Сошлись отряд с отрядом – грудь с грудью, руки и ноги сплелись, руки хватают за горло. За изгородью у берега закипел кровавый бой. Отряды с отрядами свиваются в один кровавый клубок, который кружится, визжит, стонет, клянет, колет и гибнет. Как молния, сверкает в тумане нож, коса, как змея, рассекает воздух, кровавое пляшется коло, далеко вокруг разлетается снег, на котором алеют следы крови. Турн, в бешенстве рубя мечом, гонит свои отряды в бой. Напрасно: крестьяне держатся стойко; где стоит, там и падает, где стоит, там и колет; рысь грызется с рысью, рысь терзает рысь. Громче и громче гудит церковный колокол, чаще бьет барабан. Вдруг где-то к северу от местечка раздается звук трубы.
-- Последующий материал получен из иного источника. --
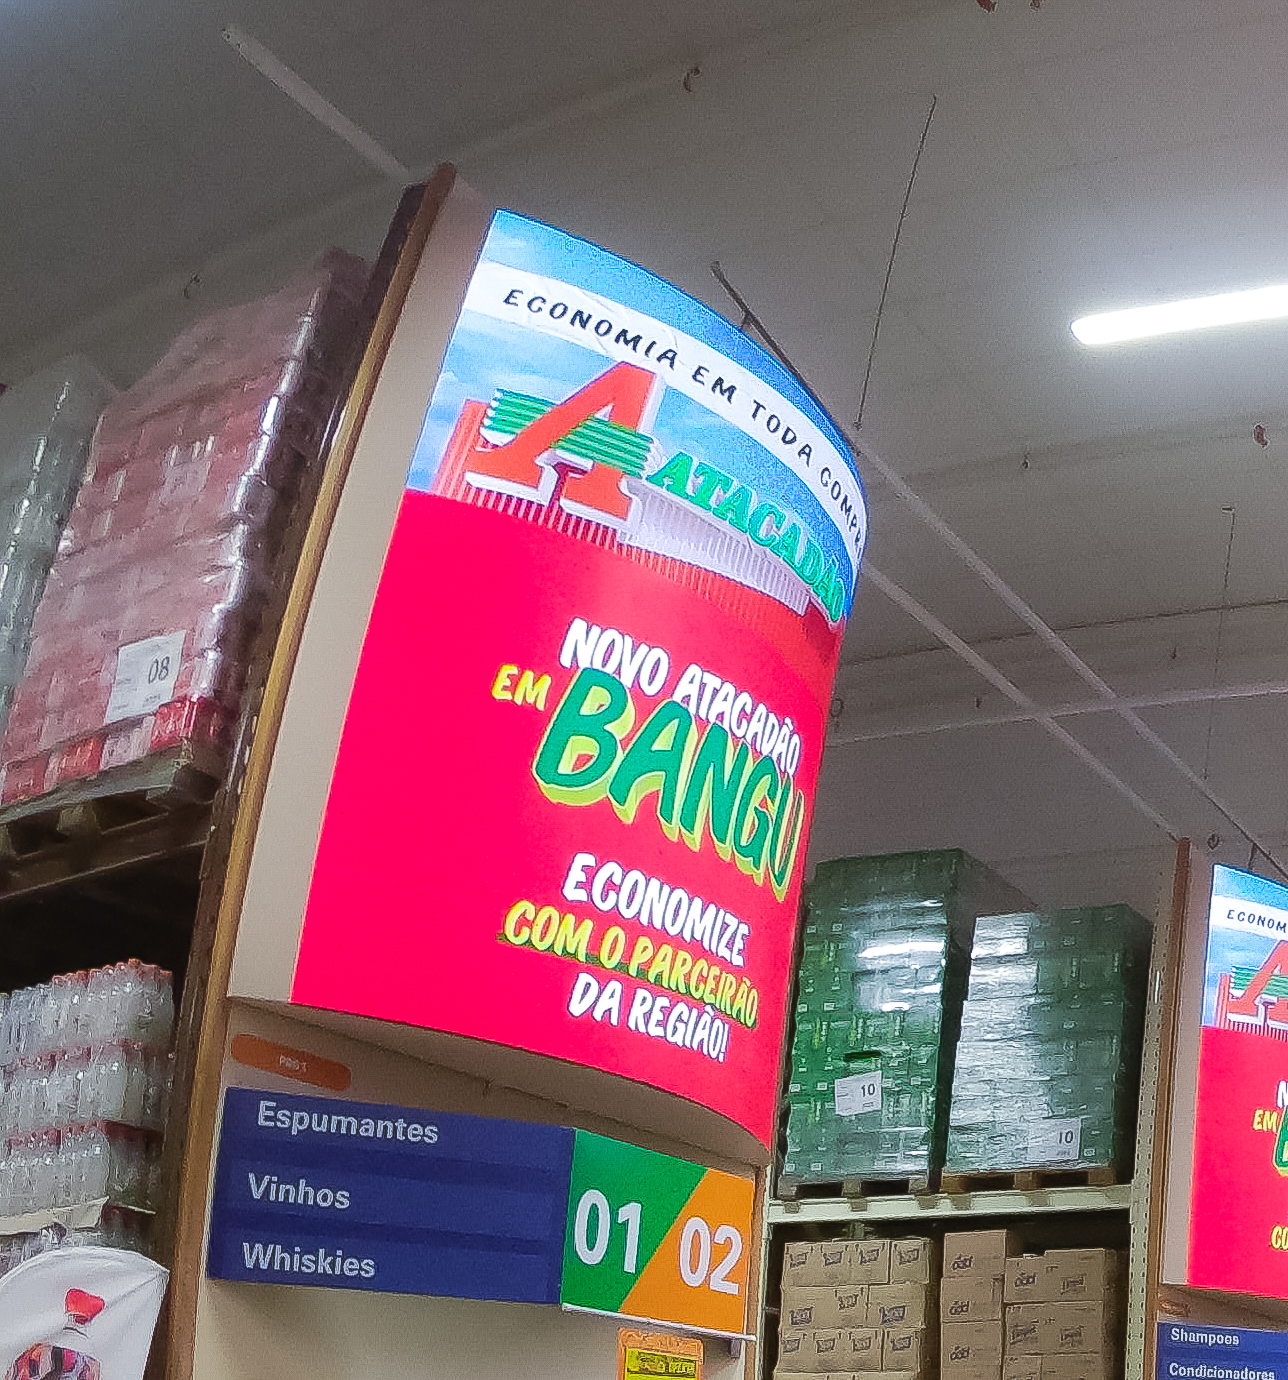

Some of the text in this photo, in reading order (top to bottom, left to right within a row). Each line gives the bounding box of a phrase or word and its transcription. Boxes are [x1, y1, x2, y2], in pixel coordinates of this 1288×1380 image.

[504, 289, 863, 549] ECONOMIA EM TODA COMPR
[146, 655, 171, 684] 08
[560, 618, 801, 777] NOVO ATACADÃO
[491, 664, 805, 902] EM BANGU
[562, 852, 750, 967] ECONOMIZE
[503, 900, 759, 1029] COM O PARCEIRÃO
[568, 972, 731, 1062] DA REGIÃO!
[860, 1083, 876, 1099] 10
[257, 1100, 439, 1144] Espumantes
[1058, 1130, 1074, 1145] 10
[1253, 1109, 1278, 1132] EM
[248, 1172, 351, 1210] Vinhos
[242, 1242, 376, 1278] Whiskies
[573, 1189, 744, 1296] 01 02
[1170, 1327, 1240, 1346] Shampoos
– Что за черт? – кричит Фратрич. – У наших ведь нет трубы.
Гремят ружья, трещат выстрелы. С северной стороны врывается сильный отряд краньских всадников. Он обошел гору, чтобы ударить крестьянам в тыл. Высоко развевается знамя, бешено ревут трубы, на широкополых шляпах пляшут перья, в воздухе сверкают мечи. Они несутся, как черти, а впереди бихачский капитан Данило Ласер из Вилденека. Навстречу им бросается Купинич с кучкой людей. Всадники яростно рубят крестьян, крестьяне в ответ шлют им из-за оград и из окон смертоносный огонь. Посреди местечка стоит старая башня. Туда-то забрался Дрводелич с пятнадцатью стрелками.
– Видишь ты вон того черта, украшенного перьями? – сказал Дрводеличу Никола, сын брдовецкого кузнеца, показывая на Ласера. – Погоди! Этот заяц мой.
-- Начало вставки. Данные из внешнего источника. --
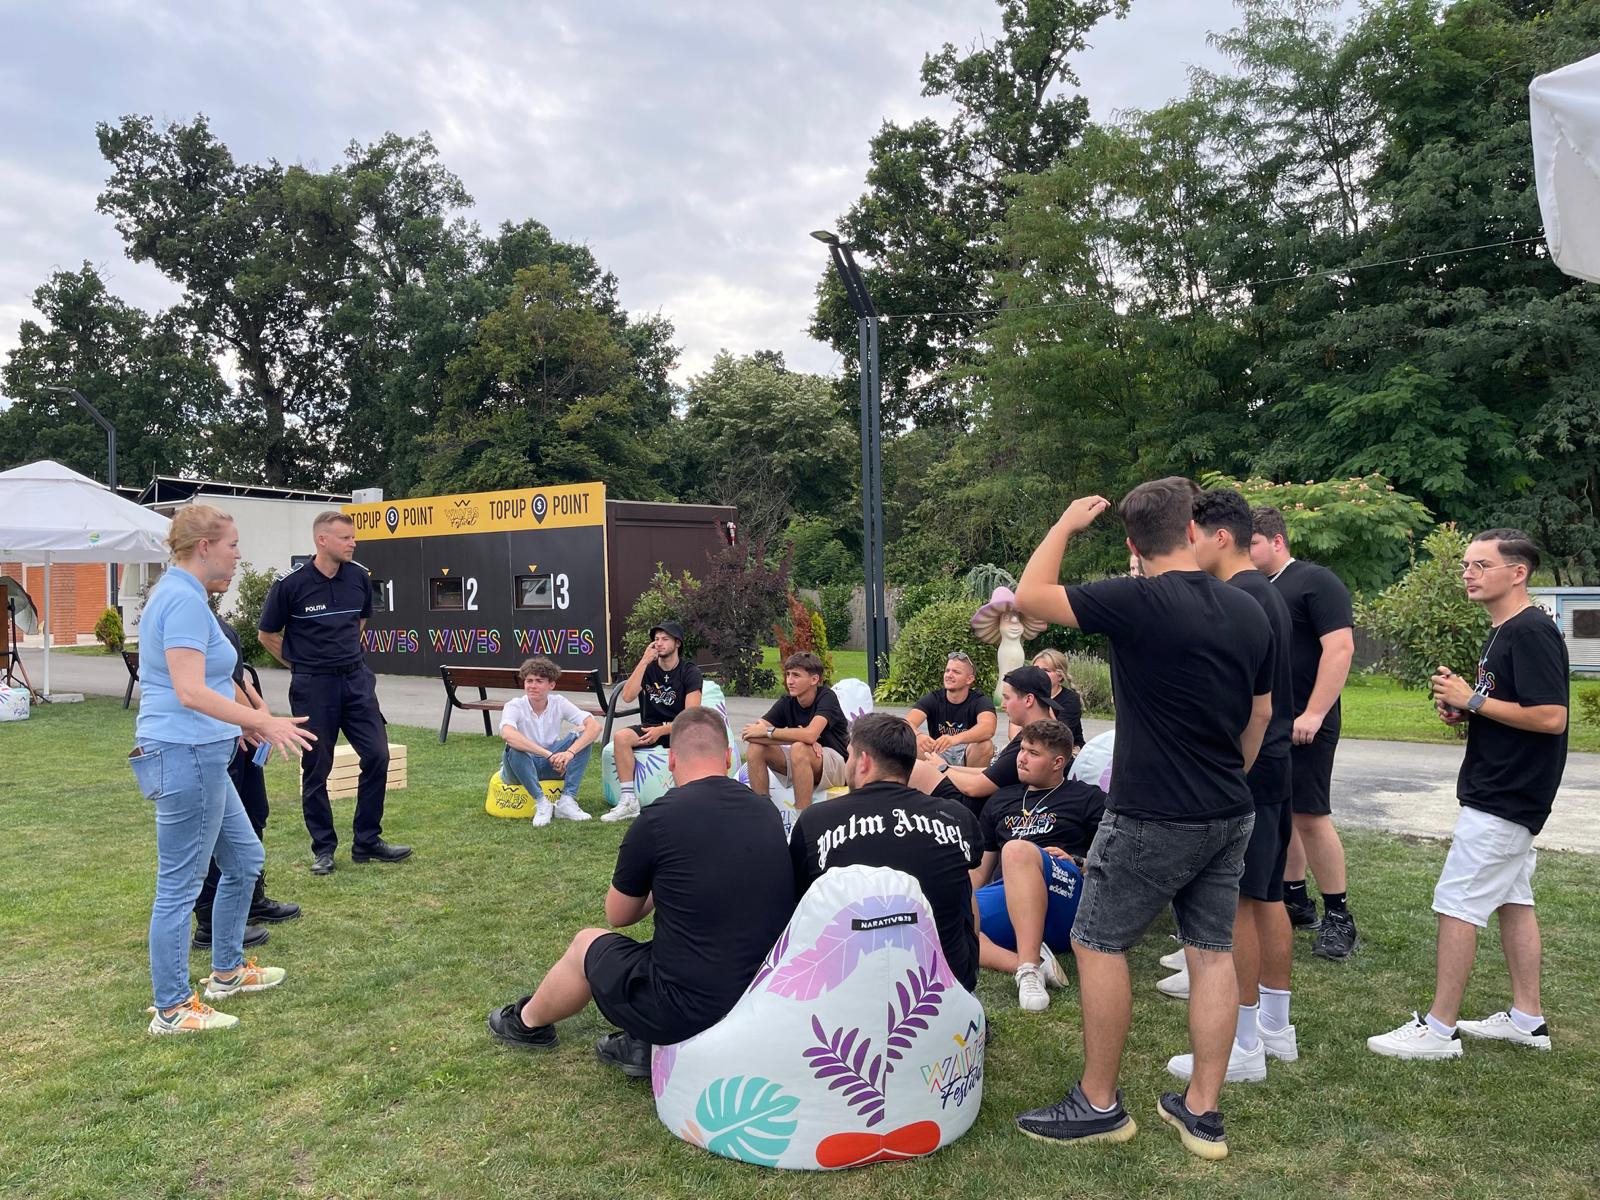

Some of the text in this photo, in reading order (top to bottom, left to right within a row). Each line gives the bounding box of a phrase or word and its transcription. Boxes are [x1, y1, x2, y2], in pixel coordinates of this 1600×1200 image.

[350, 511, 381, 530] TOPUP
[403, 506, 433, 526] POINT
[490, 499, 526, 520] TOPUP
[553, 493, 589, 516] POINT
[386, 579, 395, 612] 1
[466, 577, 479, 611] 2
[556, 573, 570, 610] 3
[360, 629, 419, 653] WAVES
[428, 629, 501, 654] WAVES
[514, 629, 595, 655] WAVES
[1004, 812, 1057, 829] WAVES
[892, 808, 971, 862] Angels
Он нагнул голову, прицелился и выстрелил. Ласер упал навзничь, а взбешенный конь поволок его по окровавленному снегу. Среди воинов в башне раздались веселые возгласы.
– Ловко, прямо в лоб угодил! – закричал со смехом смуглый сын кузнеца. – Пали еще, ребята!
И снова смертельный огонь из башни косит ряды всадников. Треть их погибает, знаменосец падает от топора, копье пронзает трубача, но они, как бешеные, продолжают рубить налево и направо и все дальше врезаются в массу крестьян. Купинич на коне рубит, как обезумевший. Он ранен в левую руку. Ничего, рубит по-прежнему. «Бей, во имя бога!» Но вот отряд ускоков появляется посреди села и напирает с тыла. Он тайком пробрался вдоль реки, за домами, и ворвался в местечко. «Огонь!» – орут ускоки. «Руби!» – кричат всадники. Всюду кипит бой. Ничего не слышно, кроме трескотни ружей, звяканья сабель и стонов. Фратрич еще держится у въезда. Черный Матяш размещает стрелков в большом доме у дороги и оттуда открывает такую пальбу, что крестьяне падают в снег, как снопы. Ярость все усиливается. «Ломайте дом!» – раздаются крики, и люди с топорами бросаются на убежище Матяша. Сзади еще громче гремит труба. О, ужас! У скок прикладом размозжил голову Фратричу. Всадники пробиваются, нажимают с тыла. Крестьяне окружены, сдавлены. Ускоки врываются в дома. Местечко ярко пылает. «Палите из пушек!» – кричит Турн. Блестит огонь, ядра ревут и разносят в мелкие клочья целые отряды крестьян. Они бегут, а ускоки с гиканьем преследуют их по окровавленным телам и загоняют ножами прямо в горящие дома и в холодную Саву. Люди или убиты, или разбежались, или схвачены. Видишь, вон там на пригорке каменный дом? Из окна выглядывает мушкет. Здесь еще держится последняя горсточка, пятьдесят человек, во главе с Купиничем. Бледный, весь в крови, он все же спокойно стоит возле мушкета. «В атаку! Бей!» – орет Турн, и обезумевшая толпа кидается на пригорок. Раздается залп. Двадцать ускоков повалились мертвыми, и в этот момент Купинич с мечом в руке выбегает из дома, и за ним все его люди.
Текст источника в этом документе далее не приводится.